- [REQUIREMENT]: For this exercise, return the line containing "Some of the words" and every line after it through the end of the records below, without alteration.

- [ENTRIES SHOWN]:
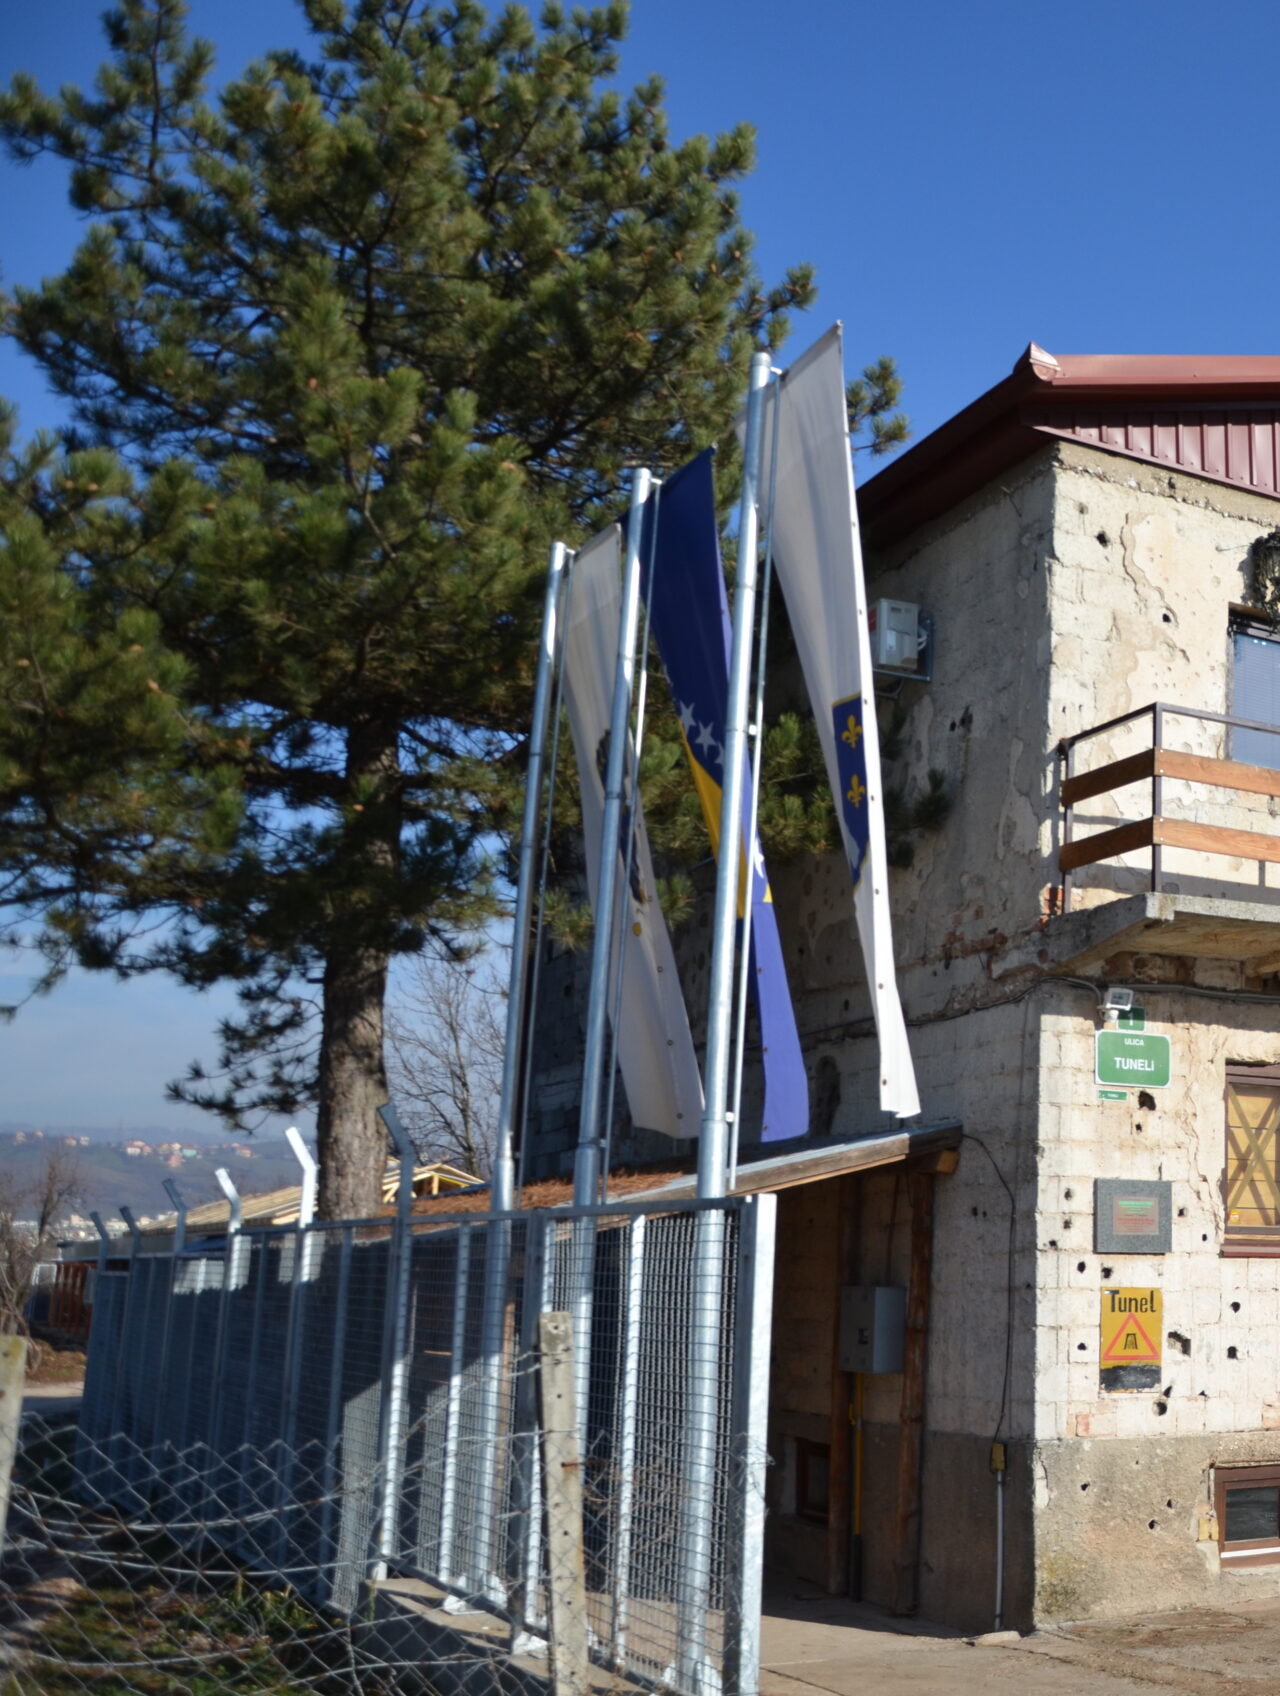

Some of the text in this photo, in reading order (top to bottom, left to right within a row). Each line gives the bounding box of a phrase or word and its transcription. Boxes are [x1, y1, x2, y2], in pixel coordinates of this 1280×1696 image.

[1127, 1011, 1135, 1026] 1
[1124, 1038, 1145, 1046] ULICA
[1104, 1290, 1156, 1313] Tunel
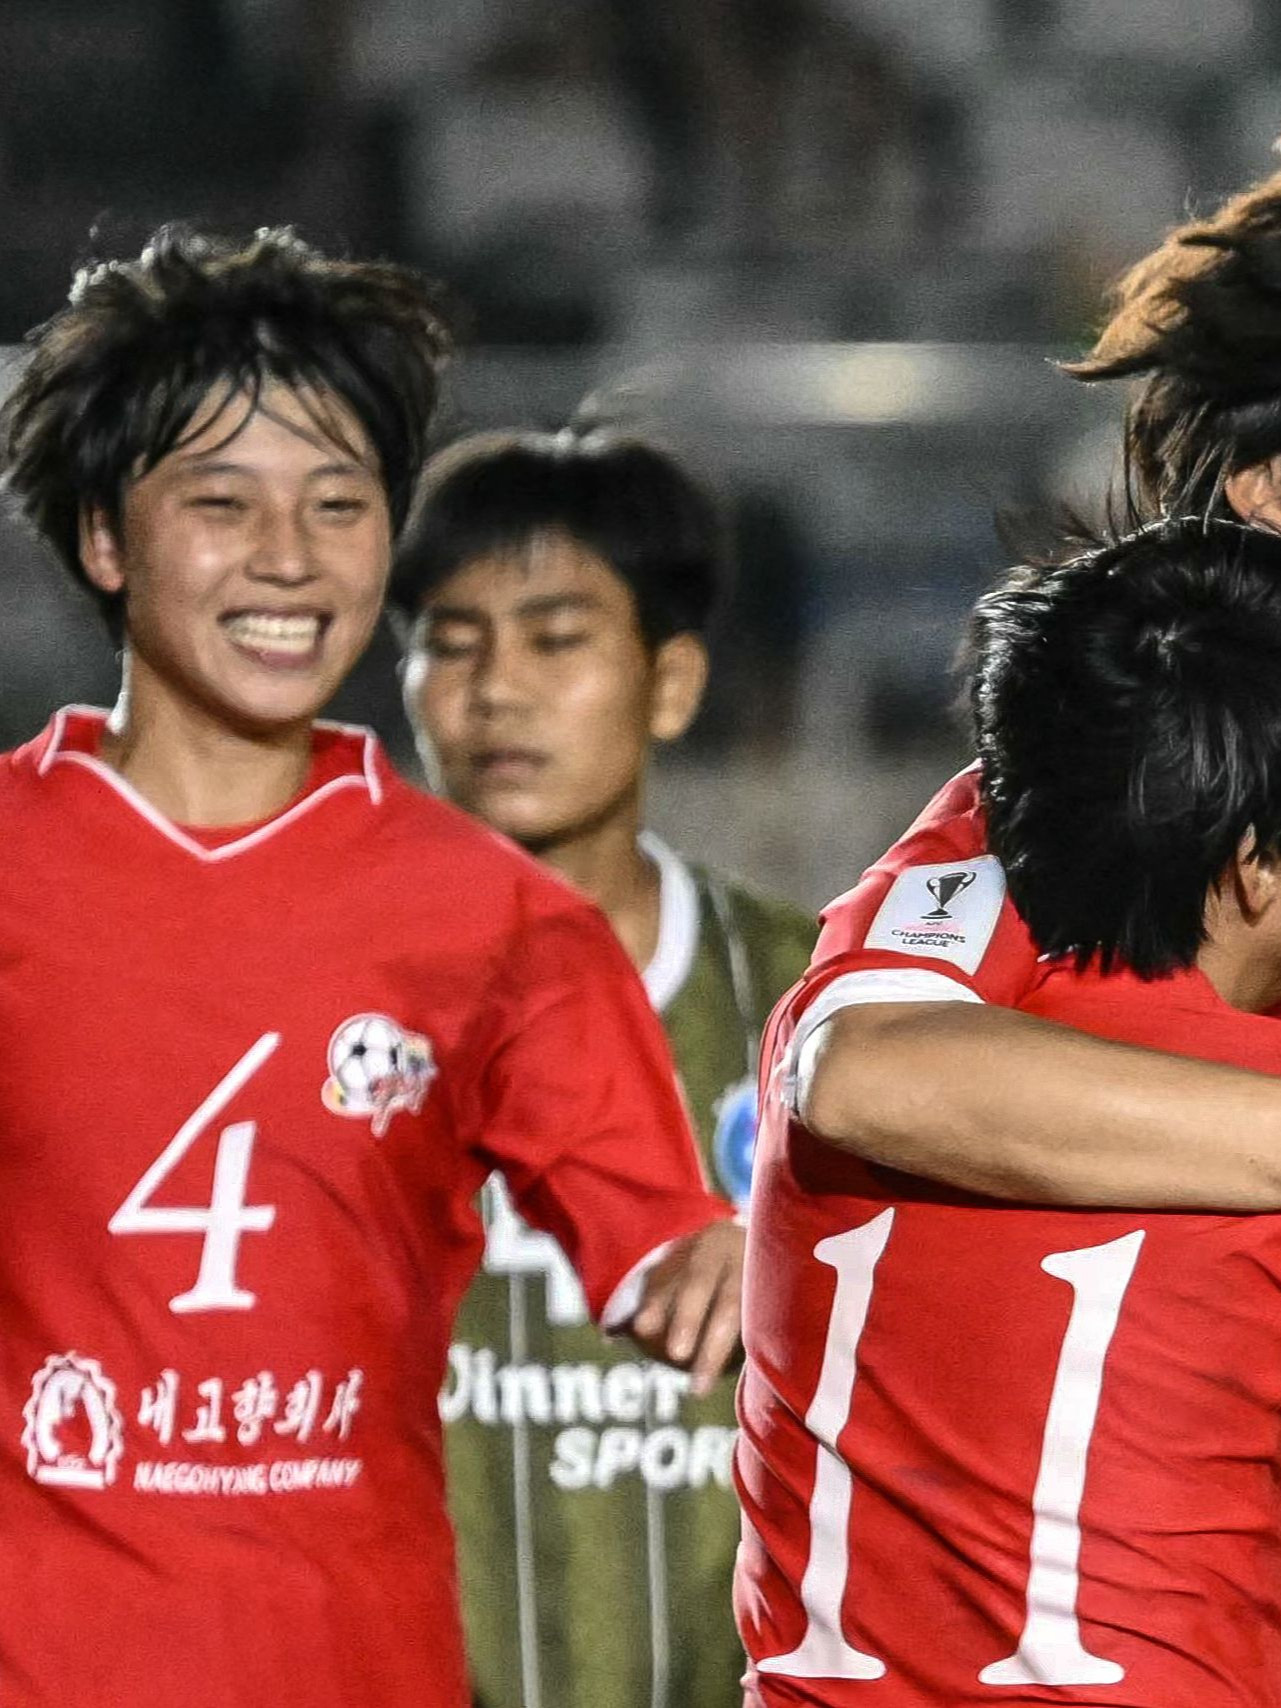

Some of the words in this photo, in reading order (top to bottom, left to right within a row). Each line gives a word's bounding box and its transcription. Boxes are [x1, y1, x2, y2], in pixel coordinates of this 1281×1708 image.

[891, 929, 966, 943] CHAMPIONS
[902, 939, 949, 947] LEAGUE
[107, 1031, 280, 1314] 4
[549, 1425, 738, 1489] SPOR
[757, 1207, 1145, 1685] 11
[268, 1457, 363, 1491] COMPANY

- [RESPONSE BELOW]:
Some of the words in this photo, in reading order (top to bottom, left to right within a row). Each line gives a word's bounding box and its transcription. Boxes are [x1, y1, x2, y2], in pixel coordinates of this 1281×1708 image.

[891, 929, 966, 943] CHAMPIONS
[902, 939, 949, 947] LEAGUE
[107, 1031, 280, 1314] 4
[549, 1425, 738, 1489] SPOR
[757, 1207, 1145, 1685] 11
[268, 1457, 363, 1491] COMPANY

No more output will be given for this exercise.